* Task statement: Everything in the listing below should be repeated verbatim, apart from the pictures.
==============================
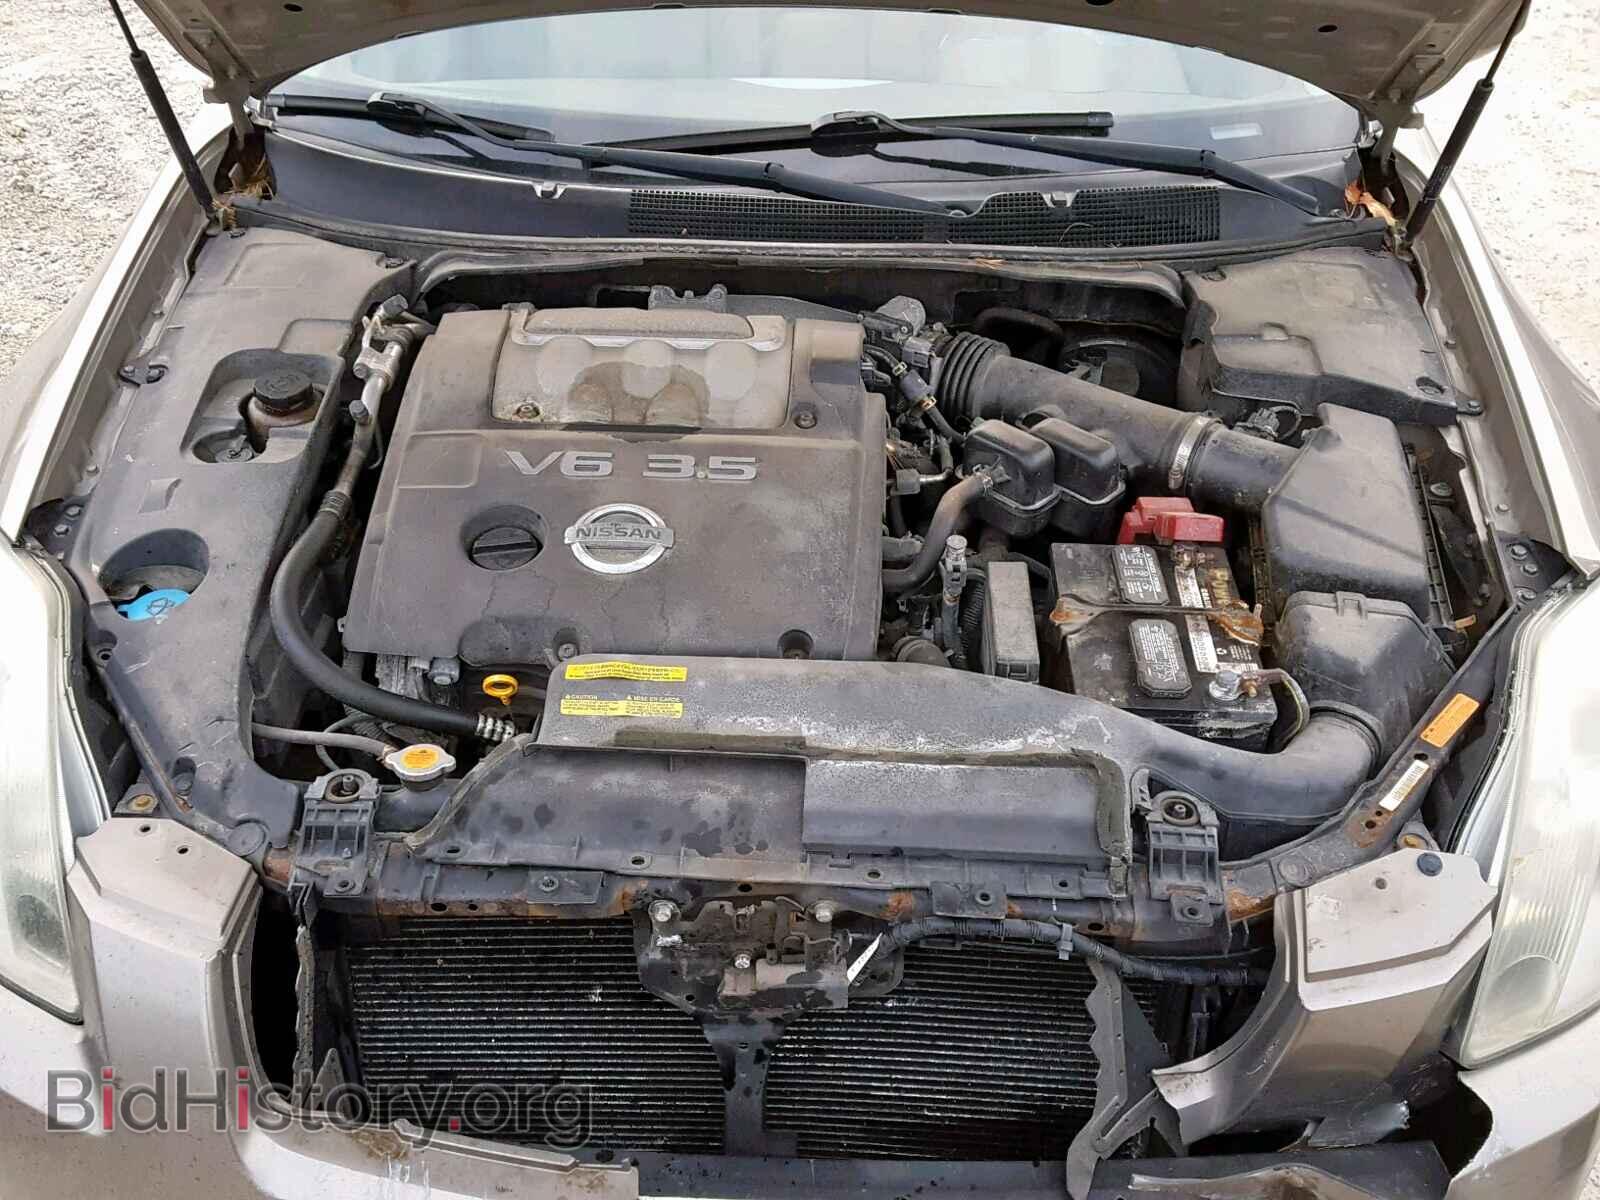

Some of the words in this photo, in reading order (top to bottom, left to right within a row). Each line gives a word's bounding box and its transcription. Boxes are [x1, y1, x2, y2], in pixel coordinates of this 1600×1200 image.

[505, 450, 614, 478] V6
[642, 453, 758, 481] 3.5
[575, 526, 662, 540] NISSAN
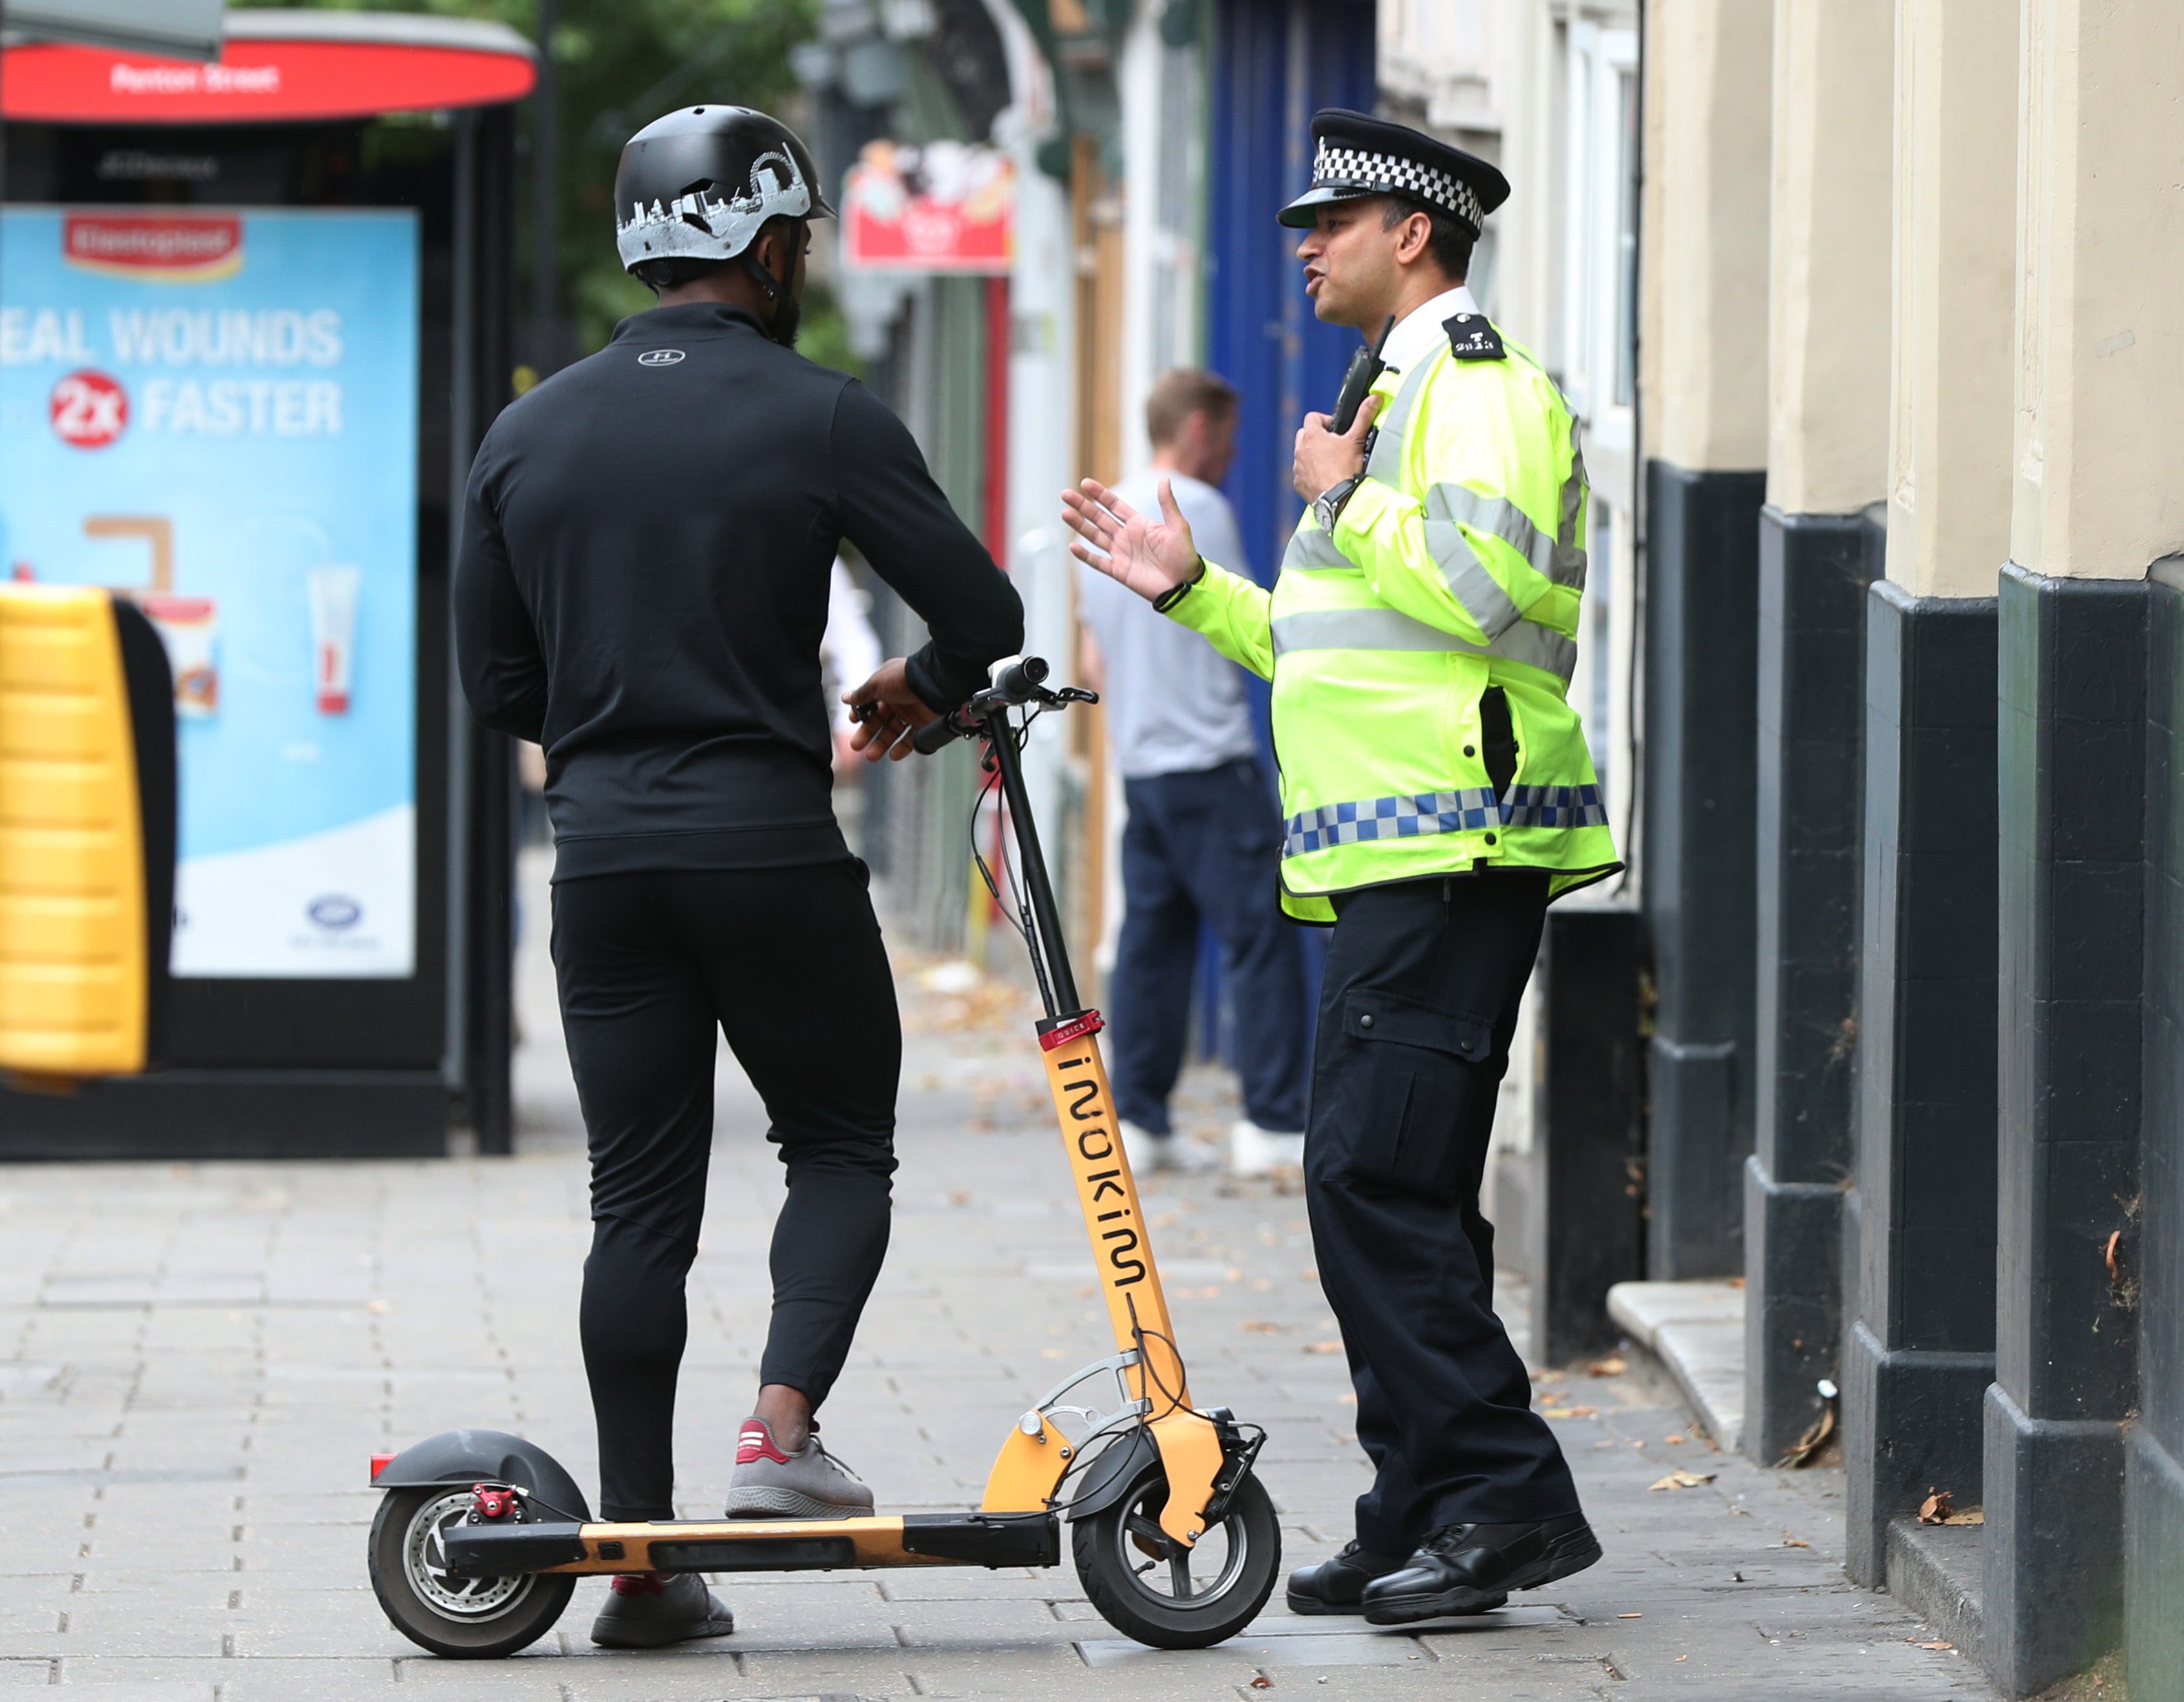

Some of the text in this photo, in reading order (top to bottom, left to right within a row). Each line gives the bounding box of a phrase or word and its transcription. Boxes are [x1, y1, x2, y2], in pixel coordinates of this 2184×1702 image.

[204, 63, 280, 94] Street
[109, 308, 344, 366] WOUNDS
[52, 376, 124, 436] 2x
[143, 380, 343, 436] FASTER
[1057, 1023, 1085, 1039] QUICK
==============================
* Solved exercise:
Some of the words in this photo, in reading order (top to bottom, left to right within a row). Each line gives a word's bounding box and its transcription. Boxes are [x1, y1, x2, y2], in pixel coordinates of this 1600×1200 image.

[505, 450, 614, 478] V6
[642, 453, 758, 481] 3.5
[575, 526, 662, 540] NISSAN

Some of the text in this photo, in reading order (top to bottom, left to right within a row). Each line gives the bounding box of a phrase or word and its transcription. Boxes are [x1, y1, x2, y2], in pixel coordinates of this 2184×1702 image.

[204, 63, 280, 94] Street
[109, 308, 344, 366] WOUNDS
[52, 376, 124, 436] 2x
[143, 380, 343, 436] FASTER
[1057, 1023, 1085, 1039] QUICK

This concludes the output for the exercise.